The distribution of acetylcholinesterase (AChE)-positive nerve fibers and cells, as well as the effects of acetylcholine (ACh) on ureteral smooth muscle and small resistance arteries were investigated in the equine ureter by means of histochemical, classic organ baths and myograph techniques. AChE-positive nerve fibers were widely distributed throughout the ureteral wall forming muscular, subepithelial and perivascular nerve plexuses, whose density was highest at the intravesical ureter. AChE-positive nerve cells were also identified grouped as adventitial or intramural ganglia. ACh increased concentration-dependently both the frequency of phasic contractile activity and basal tone of the isolated intravesical ureter, the pD2 values being 6.31 +/- 0.18 and 6.59 +/- 0.13, respectively. The ACh-induced motor effects in ureteral smooth muscle were blocked by atropine, giving pIC50 values of 8.58 +/- 0.08 and 9.68 +/- 0.05 for phasic activity and tone, respectively.
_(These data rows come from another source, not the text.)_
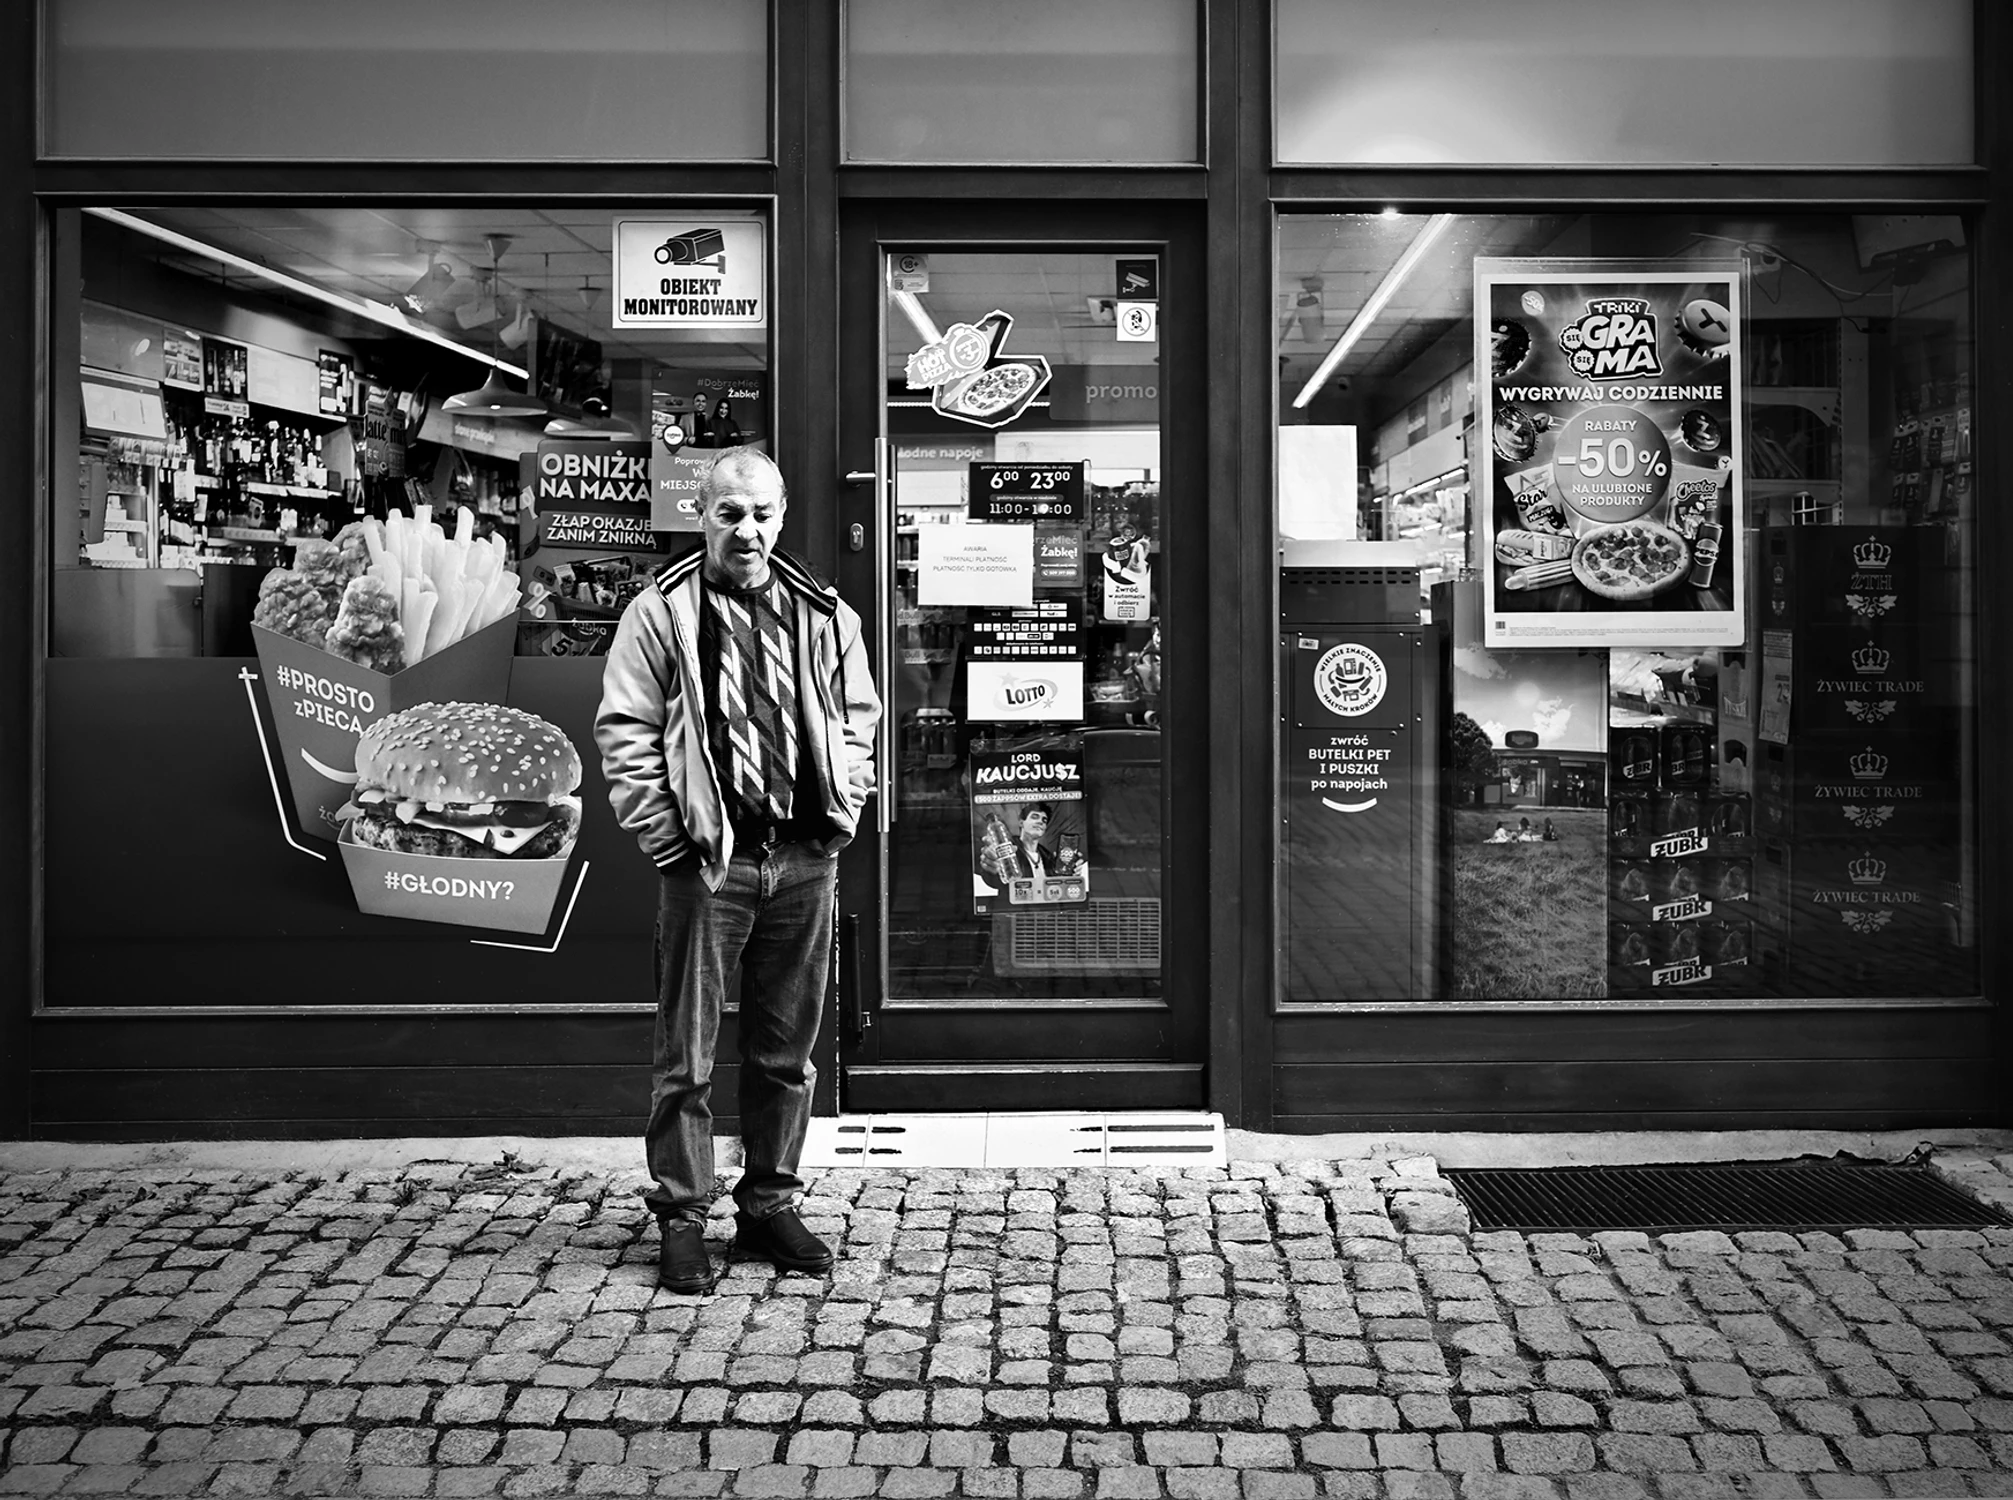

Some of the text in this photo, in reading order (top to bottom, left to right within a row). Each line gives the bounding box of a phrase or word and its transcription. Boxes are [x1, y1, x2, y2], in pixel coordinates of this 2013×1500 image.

[660, 278, 721, 295] OBIEKT
[624, 298, 758, 316] MONITOROWANY
[1581, 314, 1656, 350] GRA
[1594, 345, 1658, 375] MA
[697, 378, 760, 390] #DobrzeMieć
[728, 388, 760, 400] Żabkę!
[1085, 385, 1158, 403] promo
[1499, 386, 1723, 401] WYGRYWAJ CODZIENNIE
[1585, 420, 1637, 432] RABATY
[940, 446, 984, 461] napoje
[1558, 437, 1668, 478] -50%
[540, 477, 652, 503] NA MAXA
[1572, 483, 1653, 494] NA ULUBIONE
[1678, 481, 1717, 499] Cheetos
[1517, 488, 1548, 512] Star
[1580, 495, 1645, 506] PRODUKTY
[552, 514, 652, 532] ZŁAP OKAZJE
[547, 528, 657, 549] ZANIM ZNIKNĄ
[1040, 544, 1078, 560] Żabkę!
[1319, 648, 1344, 672] WIELKIE
[1345, 648, 1382, 672] ZNACZENIE
[277, 664, 375, 713] #PROSTO
[1817, 679, 1924, 692] ŻYWIEC TRADE
[1005, 685, 1046, 705] LOTTO
[1323, 693, 1349, 712] MAŁYCH
[1349, 693, 1378, 712] KROKÓW
[1330, 734, 1369, 746] zwróć
[1011, 753, 1041, 763] LORD
[1308, 748, 1392, 760] BUTELKI PET
[1320, 763, 1379, 775] I PUSZKI
[1311, 778, 1388, 793] po napojach
[1814, 784, 1922, 798] ŻYWIEC TRADE
[1655, 837, 1704, 856] ZUBR
[384, 870, 516, 902] #GŁODNY?
[1812, 889, 1920, 903] ŻYWIEC TRADE
[1658, 901, 1707, 919] ZUBR
[1658, 965, 1707, 984] ZUBR
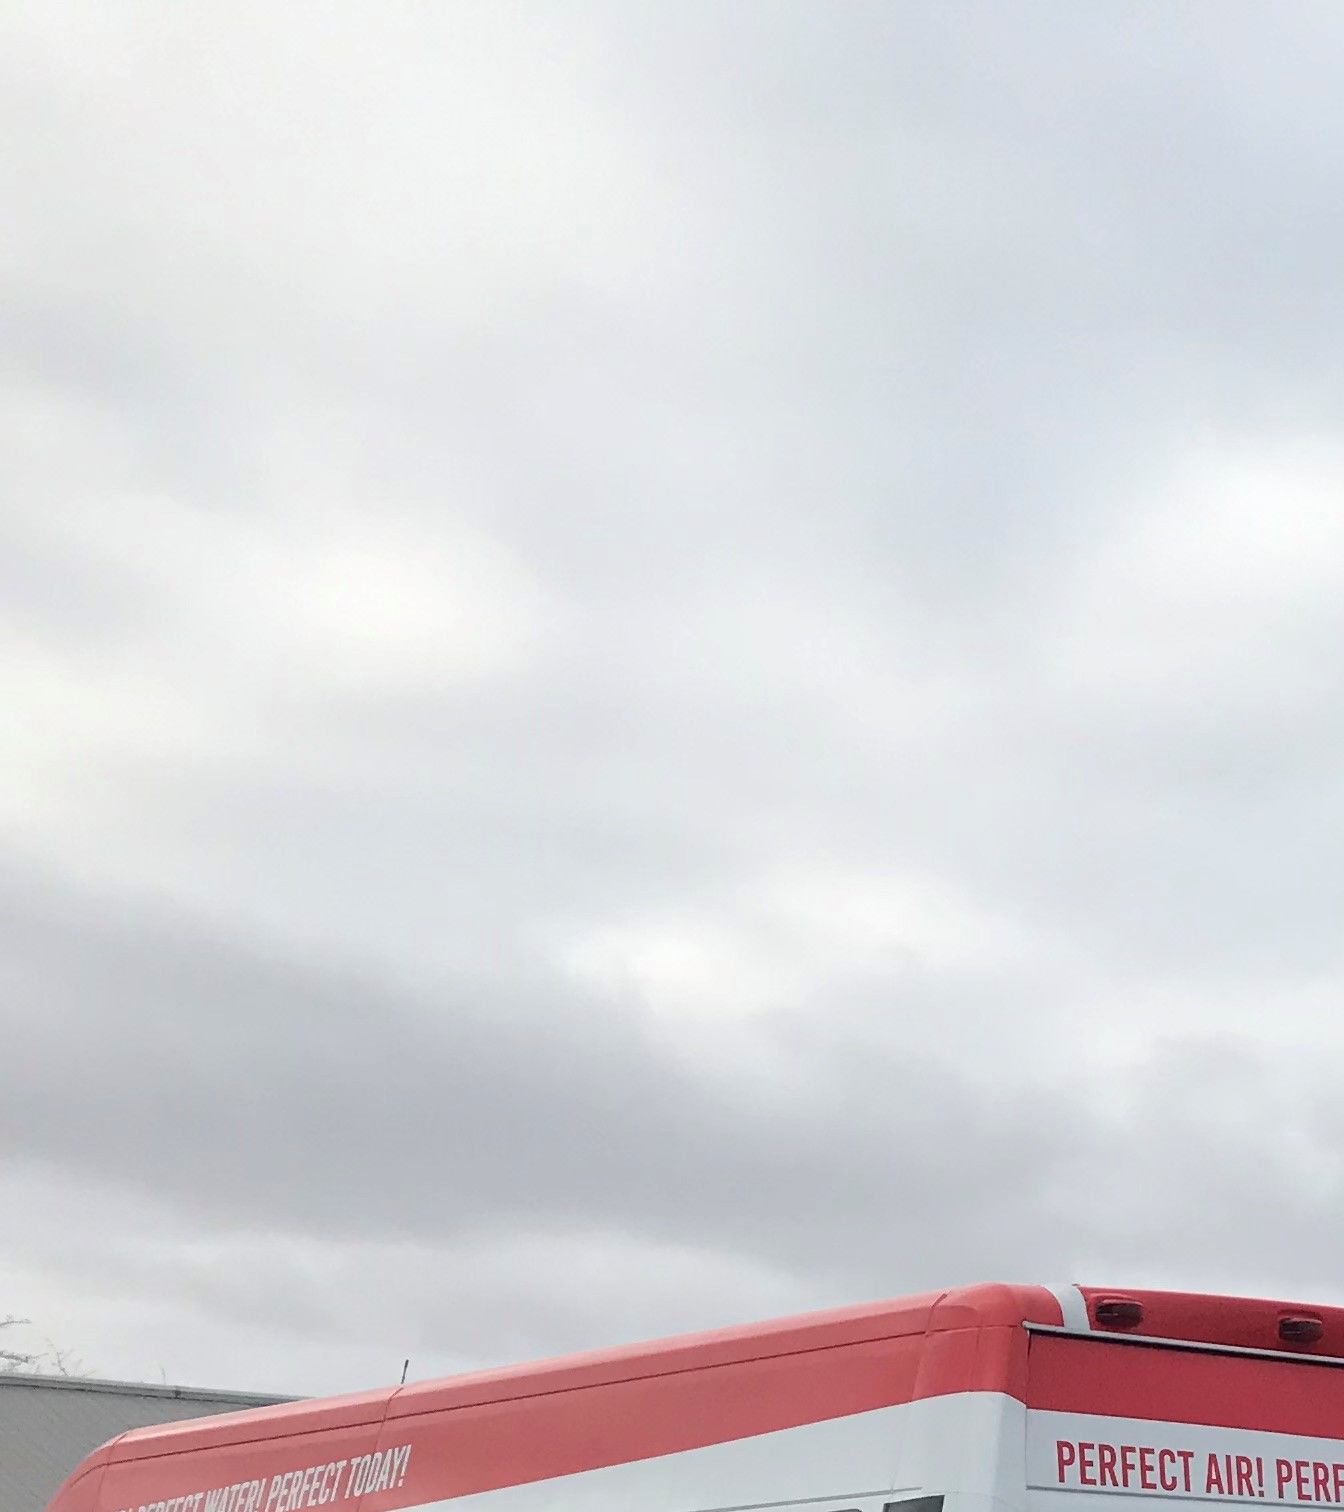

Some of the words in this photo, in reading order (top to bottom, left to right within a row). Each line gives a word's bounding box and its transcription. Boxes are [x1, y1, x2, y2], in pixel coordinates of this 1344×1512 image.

Hexamethonium only inhibited ACh-evoked contractile activity at the highest concentration used. ACh elicited a potent endothelium-dependent relaxation of equine ureteral resistance arteries precontracted with 40 mM K-PSS, the pD2 value being 7.94 +/- 0.07. This relaxant response was abolished in the presence of the nitric oxide (NO) inhibitor, NG-nitro-L-arginine (L-NNA), the blockade being reversed by subsequent incubation with the NO exogenous substrate, L-arginine. The ACh-induced relaxation was competitively antagonized by atropine (pA2 = 10.05 +/- 0.18). The present results suggest the existence of a rich cholinergic innervation in the equine ureter which controls both ureteral smooth muscle and resistance arteries motor activity through the muscarinic effects of ACh. In addition, the ACh relaxant response in the ureteral resistance arteries seems to be mediated by NO.